By Kent Gray/Triathlon.kiwi
Matt Kerr is still hobbling around on crutches almost a week after the fact but knows he got lucky. The painful road rash and various other bumps and scrapes will buff out soon enough.
The emotional toll of the Coromandel age-grouper’s traumatic Ironman World Championship debut? That’s another matter altogether.
Kerr has recounted the chilling moment he collided with an elderly female pedestrian at an estimated 65km/h during Sunday’s race in Kona. The 30-year-old was tucked in on his aero bars just 2km from T2, starting to mentally rehearse the looming transition and how he was going to mow down the two runners ahead of him in defence of the overall age-group world title he had snared at the Utah Ironman World Championships in May.
Then, at high speed but in what seemed like slow-mo, Kerr ploughed into the unwitting pensioner.
“I was just off the main highway, off the Queen K in almost an industrial area on a slight decent, going pretty fast on the bars in aero when I saw this lady step off the footpath,” Kerr says taking up the story.
“I came off the aero bars and started yelling I guess, thinking she’d stop and I’d be able to squeeze through on the line I’m holding. There wasn’t enough room for me to manoeuvre but I’m thinking she’s going to hear me, I’m just yelling and yelling but there was no response, she was fixated on crossing the road.”
What happened next was terrifying mangle of human flesh and carbon. In the moment, Kerr’s emotions ran wild as he tried to comprehend what had just happened, that his race was over.
“There was anger, pretty much race done and then I lifted my head and saw her on the ground and it grounded me. She looked dead to me, there was blood everywhere and no movement,” Kerr continued.

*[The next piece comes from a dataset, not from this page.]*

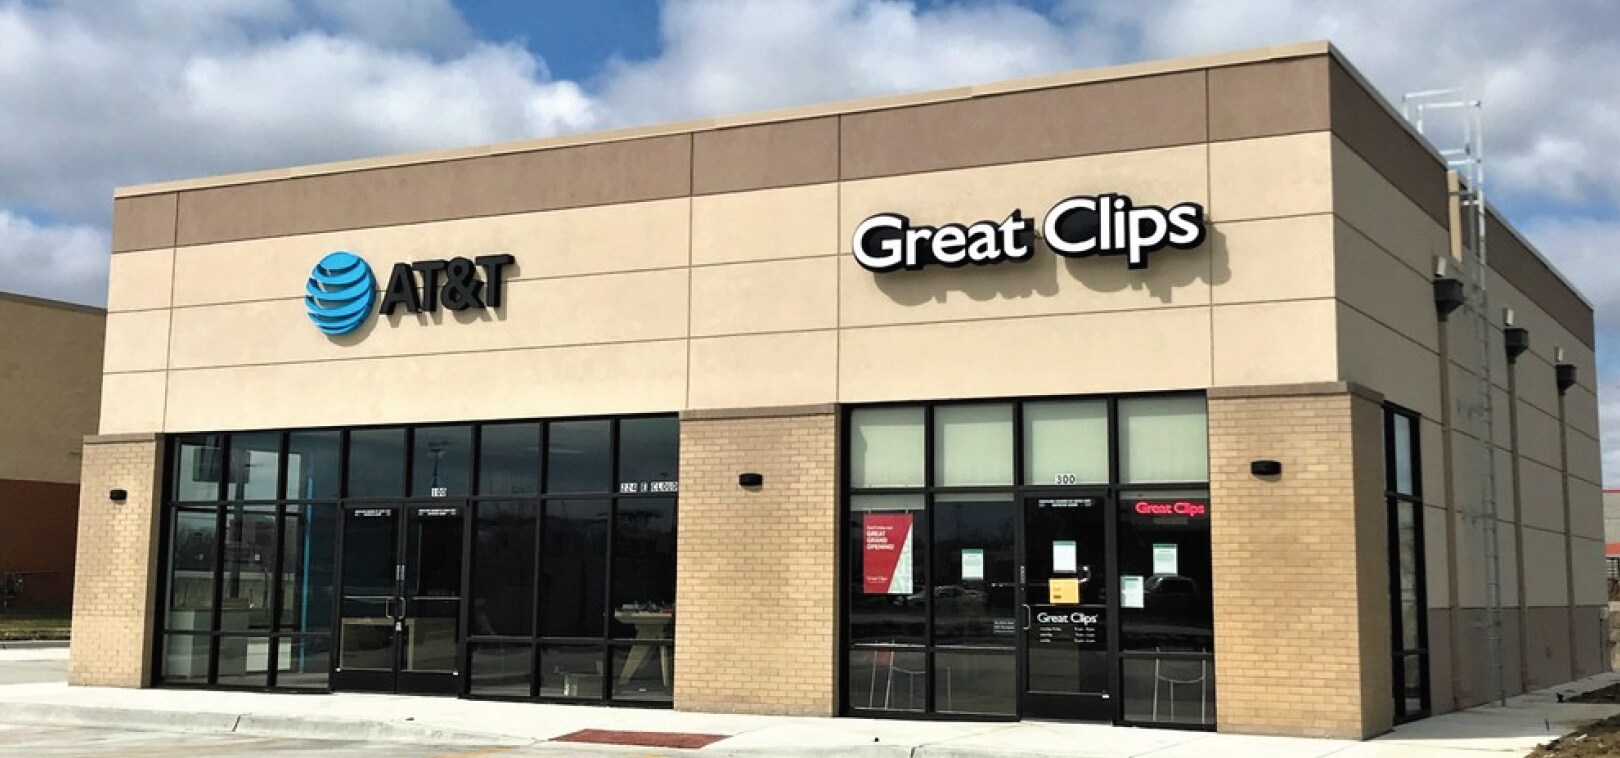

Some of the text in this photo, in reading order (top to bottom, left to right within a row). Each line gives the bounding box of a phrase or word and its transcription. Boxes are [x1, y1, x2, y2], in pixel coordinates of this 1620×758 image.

“She coped 100 percent of the impact.”
Fortunately, local police patrolling the crowds at a nearby intersection rushed to the aid of the pedestrian and medics were soon on site to transfer the woman to hospital.
“I still don’t know what the outcome is with her,” Kerr revealed. “I believe she was in her late 60s or 70s which doesn’t make you feel great…but it happened and it was out of my control.”
While bloodied, bruised and shaken, Kerr made the decision to finish the race, hobbling home in 10:17:35 for an inconsequential 188th place finish out of 346 in the 30-34 age-group. The marathon was a physical and emotional grind from the get-go, finally completed in 4:04:37.
“One of the worse bits was walking out of transition [for the marathon], there’s blood and the crowds and everyone’s charging past and my family and friends were waiting up the road. It was a pretty emotional first 12km I can tell you, next level,” Kerr said.
“It was a massive emotional toll carrying on but I’ve got some reasons why I did carry on. I didn’t feel any obligation but I had my family there, my coach [Prof. Grant Scholfield] and my coach’s family and I didn’t want to pull the pin and at 12pm be sitting and thinking did I have the physical capacity to do this.”
Kerr’s initial reaction immediately after the race was to get out of dodge but he’s pleased now that he didn’t abandon planned post-race breaks in Honolulu and Los Angeles with partner Nivana. It’s allowed him time to compute how a split second can ruin the best-laid plans, how unfair it is and, ultimately, how lucky he was to escape relatively unscathed.
Bad swelling has affected mobility in his right ankle but he’s thankful X-rays at hospital the morning after the race didn’t find anything more serious. Kerr is still in a hurry to get back to New Zealand after packing up his temporary base on the Sunshine Coast and thereafter will start plotting his next move.
He still intends to transition to the pro-life although isn’t sure of when he’ll race next. Ironman Western Australia in Busselton on December 4 appeals given the unused training miles in the tank although he could just as easily aim for Ironman New Zealand in March.
“Physically I’m kind of recovered but emotionally I guess I’m still working through not getting the result we wanted.
“That’s probably the hardest thing to swallow, it was totally out of my control. But the process of what you put into it, specifically for this race, it’s not redundant knowledge. I can’t use the fitness again but the learnings, that’s what I’m trying to hang on to.
“It’s frustrating I wasn’t able to use all the experiments we’d worked on in training [including a five-week block in Maui with Kiwi pro Braden Currie], all the strategies, thousands of little things you could have worked into the race given whatever scenario is thrown at you.
“That’s quite a hard thing to swallow but it’s not necessarily what happens, it’s about your response.”
With Kerr, you can be sure his response will be calculated, his prep for the next race meticulous, as is his trademark. The desire to finish and finish fast? That will be next level.